As coisas mudaram de cor.
Vamos ter de nos despedir.

Uma fração de segundo é suficiente para matar a eternidade.
Virar a realidade do avesso e deixarmos de saber quem somos.

O paradoxo do amor em todo o seu esplendor.
A crueza dos homens – a nudez do mundo.
A vida numa das suas mais belas epopeias.

O amor que acaba por matar.

O adeus inevitável.
Racional, leve e lento.
Um torpor involuntário que anestesia a consciência.

Amámos profundamente alguém que,
No tempo que duram mil dias,
Transformou amor em obsessão,
Liberdade em dependência,
Alegria em tristeza.

Amámos profundamente alguém que nos destrói.
Que nos faz ficar aquém dos sonhos de sempre.
Amámos profundamente alguém que nos convence a desistir de quem somos.

Não de forma visível e nunca de uma assentada só.
Tão paulatinamente que podemos demorar a vida inteira a reparar no absurdo
Que nos tornámos.
No quão deixámos de ser.

Começámos por negar.
Arranjámos desculpas, desvalorizámos, fingimos que não aconteceu.
Aceitámos que o problema está em nós.
Decidimos, racionalmente, não querer ver.
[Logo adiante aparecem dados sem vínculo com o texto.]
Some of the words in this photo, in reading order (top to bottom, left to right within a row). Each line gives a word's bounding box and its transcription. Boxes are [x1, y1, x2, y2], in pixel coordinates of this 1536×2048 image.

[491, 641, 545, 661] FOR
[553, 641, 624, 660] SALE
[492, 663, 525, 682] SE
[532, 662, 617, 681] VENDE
Castrar a liberdade em prol da ilusão de segurança – tão legítima como irracional.
Ou acordar a coragem – esse super poder que, na maior parte do tempo, nos esquecemos que temos.

Decidir o dia do calendário.
Analisar, pela última vez, os ângulos todos.
Medir a felicidade prometida.
Marcar a despedida.

Encher a alma de coragem e virar as costas.
Enfrentar a verdade – a dor de ter falhado.
E a salvação – a certeza de ter tentado tudo.
A certeza de termos sido a melhor versão do que alguma vez fomos.
A certeza de que superámos as nossas expectativas, e que isso basta.
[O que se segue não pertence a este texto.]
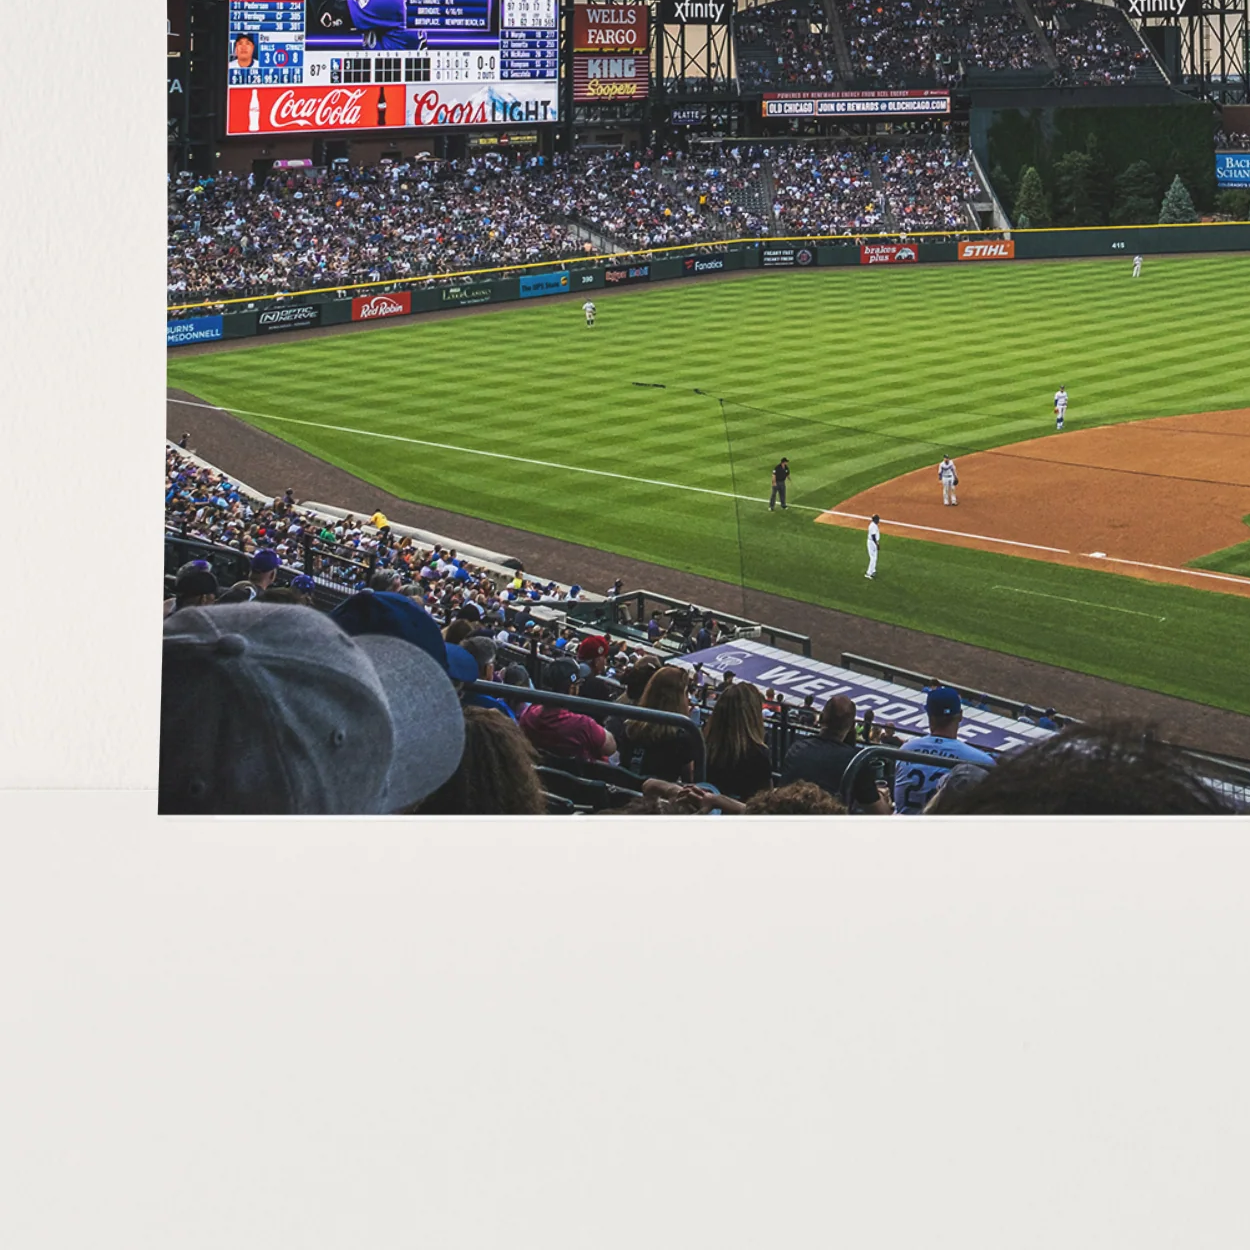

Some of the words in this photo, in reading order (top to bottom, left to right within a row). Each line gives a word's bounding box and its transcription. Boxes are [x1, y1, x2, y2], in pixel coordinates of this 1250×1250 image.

[586, 8, 637, 25] WELLS
[587, 29, 637, 45] FARGO
[477, 55, 495, 70] 0-0
[587, 58, 636, 79] KING
[586, 79, 638, 100] Soopers
[270, 88, 367, 128] Coca-Cola
[413, 90, 488, 126] Coors
[491, 100, 552, 122] LIGHT
[768, 102, 783, 114] OLD
[783, 102, 813, 114] CHICAGO
[818, 101, 835, 112] JOIN
[847, 100, 880, 112] REWARDS
[888, 99, 947, 111] OLDCHICAGO.COM
[673, 110, 699, 119] PLATTE
[864, 245, 897, 255] brakes
[963, 244, 1008, 257] STIHL
[868, 253, 890, 263] plus
[694, 260, 723, 271] Fanatics
[278, 312, 318, 322] NERVE
[279, 306, 313, 317] OPTIC
[360, 305, 379, 318] Red
[379, 303, 404, 315] Robin
Porque a única verdade que devemos exigir, é a nossa.
E desistir ,às vezes, é tudo o que resta para nos salvarmos.

***

Há sempre uma hora em que a dúvida aparece.
Uma hora em que pomos em causa a decisão que tomámos e tentámos imaginar como poderia ter sido.
A hora em que devemos agradecer à racionalidade – ao poder que ela nos dá para nos libertarmos.